Exercise input

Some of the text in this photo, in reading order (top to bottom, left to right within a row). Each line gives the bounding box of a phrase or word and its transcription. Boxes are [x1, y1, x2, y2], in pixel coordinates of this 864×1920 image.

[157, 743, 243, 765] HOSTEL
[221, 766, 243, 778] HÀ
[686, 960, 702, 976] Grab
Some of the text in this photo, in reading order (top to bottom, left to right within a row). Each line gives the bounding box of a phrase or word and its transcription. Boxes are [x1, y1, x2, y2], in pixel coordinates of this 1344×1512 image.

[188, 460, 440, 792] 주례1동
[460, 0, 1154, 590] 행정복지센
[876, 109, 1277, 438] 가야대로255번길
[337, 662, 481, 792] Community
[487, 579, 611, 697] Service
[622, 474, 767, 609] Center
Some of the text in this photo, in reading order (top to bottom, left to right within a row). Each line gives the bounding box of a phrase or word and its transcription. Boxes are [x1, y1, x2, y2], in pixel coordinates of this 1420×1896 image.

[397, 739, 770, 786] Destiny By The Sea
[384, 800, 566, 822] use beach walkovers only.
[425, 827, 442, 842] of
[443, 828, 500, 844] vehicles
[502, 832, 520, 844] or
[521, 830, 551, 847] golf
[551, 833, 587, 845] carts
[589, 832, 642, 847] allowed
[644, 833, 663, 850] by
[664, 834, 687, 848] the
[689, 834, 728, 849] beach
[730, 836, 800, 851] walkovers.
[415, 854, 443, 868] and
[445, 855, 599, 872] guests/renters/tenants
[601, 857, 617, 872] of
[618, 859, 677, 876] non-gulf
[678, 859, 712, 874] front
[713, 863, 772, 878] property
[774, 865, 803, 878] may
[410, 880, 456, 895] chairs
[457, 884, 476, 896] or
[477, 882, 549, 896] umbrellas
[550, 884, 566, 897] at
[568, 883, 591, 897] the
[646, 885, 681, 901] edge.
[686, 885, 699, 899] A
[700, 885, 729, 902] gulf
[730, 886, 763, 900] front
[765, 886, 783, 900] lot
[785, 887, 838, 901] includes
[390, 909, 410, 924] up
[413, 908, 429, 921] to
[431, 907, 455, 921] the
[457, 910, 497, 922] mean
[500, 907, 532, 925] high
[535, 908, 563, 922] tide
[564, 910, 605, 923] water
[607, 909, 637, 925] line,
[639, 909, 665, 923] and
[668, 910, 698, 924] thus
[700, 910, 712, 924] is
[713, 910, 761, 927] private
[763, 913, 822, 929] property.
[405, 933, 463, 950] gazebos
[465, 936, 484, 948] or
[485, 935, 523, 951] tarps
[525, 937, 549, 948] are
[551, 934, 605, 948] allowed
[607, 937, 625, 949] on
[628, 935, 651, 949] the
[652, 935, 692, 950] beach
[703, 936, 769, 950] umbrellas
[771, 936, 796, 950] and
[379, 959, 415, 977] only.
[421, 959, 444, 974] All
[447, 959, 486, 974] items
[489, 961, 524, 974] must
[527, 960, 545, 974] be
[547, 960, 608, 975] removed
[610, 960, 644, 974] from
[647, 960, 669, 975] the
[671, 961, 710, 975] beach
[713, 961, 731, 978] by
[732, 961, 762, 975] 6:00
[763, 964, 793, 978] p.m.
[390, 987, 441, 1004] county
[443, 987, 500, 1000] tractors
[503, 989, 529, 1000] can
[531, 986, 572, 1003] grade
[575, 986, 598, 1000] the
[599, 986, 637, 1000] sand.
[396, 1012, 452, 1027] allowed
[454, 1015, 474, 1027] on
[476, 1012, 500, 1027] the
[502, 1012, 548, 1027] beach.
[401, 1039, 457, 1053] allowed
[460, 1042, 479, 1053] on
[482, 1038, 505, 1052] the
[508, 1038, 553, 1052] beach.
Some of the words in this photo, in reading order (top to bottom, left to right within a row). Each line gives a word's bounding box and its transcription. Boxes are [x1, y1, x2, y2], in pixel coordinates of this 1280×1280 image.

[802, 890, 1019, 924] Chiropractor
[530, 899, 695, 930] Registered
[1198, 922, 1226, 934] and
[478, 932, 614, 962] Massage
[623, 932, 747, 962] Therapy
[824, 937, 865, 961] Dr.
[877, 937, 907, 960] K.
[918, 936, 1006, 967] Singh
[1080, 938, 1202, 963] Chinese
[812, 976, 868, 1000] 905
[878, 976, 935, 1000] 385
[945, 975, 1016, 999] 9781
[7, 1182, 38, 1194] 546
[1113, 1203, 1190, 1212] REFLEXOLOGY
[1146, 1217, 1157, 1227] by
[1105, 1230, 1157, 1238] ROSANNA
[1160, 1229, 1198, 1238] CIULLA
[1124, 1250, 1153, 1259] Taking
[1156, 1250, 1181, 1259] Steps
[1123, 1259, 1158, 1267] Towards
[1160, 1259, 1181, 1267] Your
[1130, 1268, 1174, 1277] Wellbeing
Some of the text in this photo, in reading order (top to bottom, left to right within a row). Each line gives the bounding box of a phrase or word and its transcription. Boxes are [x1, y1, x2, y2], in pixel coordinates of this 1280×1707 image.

Problem to work on
Go through the data and copy each line exactly as it reads.

Response box
Some of the text in this photo, in reading order (top to bottom, left to right within a row). Each line gives the bounding box of a phrase or word and its transcription. Boxes are [x1, y1, x2, y2], in pixel coordinates of this 864×1920 image.

[157, 743, 243, 765] HOSTEL
[221, 766, 243, 778] HÀ
[686, 960, 702, 976] Grab
Some of the text in this photo, in reading order (top to bottom, left to right within a row). Each line gives the bounding box of a phrase or word and its transcription. Boxes are [x1, y1, x2, y2], in pixel coordinates of this 1344×1512 image.

[188, 460, 440, 792] 주례1동
[460, 0, 1154, 590] 행정복지센
[876, 109, 1277, 438] 가야대로255번길
[337, 662, 481, 792] Community
[487, 579, 611, 697] Service
[622, 474, 767, 609] Center
Some of the text in this photo, in reading order (top to bottom, left to right within a row). Each line gives the bounding box of a phrase or word and its transcription. Boxes are [x1, y1, x2, y2], in pixel coordinates of this 1420×1896 image.

[397, 739, 770, 786] Destiny By The Sea
[384, 800, 566, 822] use beach walkovers only.
[425, 827, 442, 842] of
[443, 828, 500, 844] vehicles
[502, 832, 520, 844] or
[521, 830, 551, 847] golf
[551, 833, 587, 845] carts
[589, 832, 642, 847] allowed
[644, 833, 663, 850] by
[664, 834, 687, 848] the
[689, 834, 728, 849] beach
[730, 836, 800, 851] walkovers.
[415, 854, 443, 868] and
[445, 855, 599, 872] guests/renters/tenants
[601, 857, 617, 872] of
[618, 859, 677, 876] non-gulf
[678, 859, 712, 874] front
[713, 863, 772, 878] property
[774, 865, 803, 878] may
[410, 880, 456, 895] chairs
[457, 884, 476, 896] or
[477, 882, 549, 896] umbrellas
[550, 884, 566, 897] at
[568, 883, 591, 897] the
[646, 885, 681, 901] edge.
[686, 885, 699, 899] A
[700, 885, 729, 902] gulf
[730, 886, 763, 900] front
[765, 886, 783, 900] lot
[785, 887, 838, 901] includes
[390, 909, 410, 924] up
[413, 908, 429, 921] to
[431, 907, 455, 921] the
[457, 910, 497, 922] mean
[500, 907, 532, 925] high
[535, 908, 563, 922] tide
[564, 910, 605, 923] water
[607, 909, 637, 925] line,
[639, 909, 665, 923] and
[668, 910, 698, 924] thus
[700, 910, 712, 924] is
[713, 910, 761, 927] private
[763, 913, 822, 929] property.
[405, 933, 463, 950] gazebos
[465, 936, 484, 948] or
[485, 935, 523, 951] tarps
[525, 937, 549, 948] are
[551, 934, 605, 948] allowed
[607, 937, 625, 949] on
[628, 935, 651, 949] the
[652, 935, 692, 950] beach
[703, 936, 769, 950] umbrellas
[771, 936, 796, 950] and
[379, 959, 415, 977] only.
[421, 959, 444, 974] All
[447, 959, 486, 974] items
[489, 961, 524, 974] must
[527, 960, 545, 974] be
[547, 960, 608, 975] removed
[610, 960, 644, 974] from
[647, 960, 669, 975] the
[671, 961, 710, 975] beach
[713, 961, 731, 978] by
[732, 961, 762, 975] 6:00
[763, 964, 793, 978] p.m.
[390, 987, 441, 1004] county
[443, 987, 500, 1000] tractors
[503, 989, 529, 1000] can
[531, 986, 572, 1003] grade
[575, 986, 598, 1000] the
[599, 986, 637, 1000] sand.
[396, 1012, 452, 1027] allowed
[454, 1015, 474, 1027] on
[476, 1012, 500, 1027] the
[502, 1012, 548, 1027] beach.
[401, 1039, 457, 1053] allowed
[460, 1042, 479, 1053] on
[482, 1038, 505, 1052] the
[508, 1038, 553, 1052] beach.
Some of the words in this photo, in reading order (top to bottom, left to right within a row). Each line gives a word's bounding box and its transcription. Boxes are [x1, y1, x2, y2], in pixel coordinates of this 1280×1280 image.

[802, 890, 1019, 924] Chiropractor
[530, 899, 695, 930] Registered
[1198, 922, 1226, 934] and
[478, 932, 614, 962] Massage
[623, 932, 747, 962] Therapy
[824, 937, 865, 961] Dr.
[877, 937, 907, 960] K.
[918, 936, 1006, 967] Singh
[1080, 938, 1202, 963] Chinese
[812, 976, 868, 1000] 905
[878, 976, 935, 1000] 385
[945, 975, 1016, 999] 9781
[7, 1182, 38, 1194] 546
[1113, 1203, 1190, 1212] REFLEXOLOGY
[1146, 1217, 1157, 1227] by
[1105, 1230, 1157, 1238] ROSANNA
[1160, 1229, 1198, 1238] CIULLA
[1124, 1250, 1153, 1259] Taking
[1156, 1250, 1181, 1259] Steps
[1123, 1259, 1158, 1267] Towards
[1160, 1259, 1181, 1267] Your
[1130, 1268, 1174, 1277] Wellbeing
Some of the text in this photo, in reading order (top to bottom, left to right within a row). Each line gives the bounding box of a phrase or word and its transcription. Boxes are [x1, y1, x2, y2], in pixel coordinates of this 1280×1707 image.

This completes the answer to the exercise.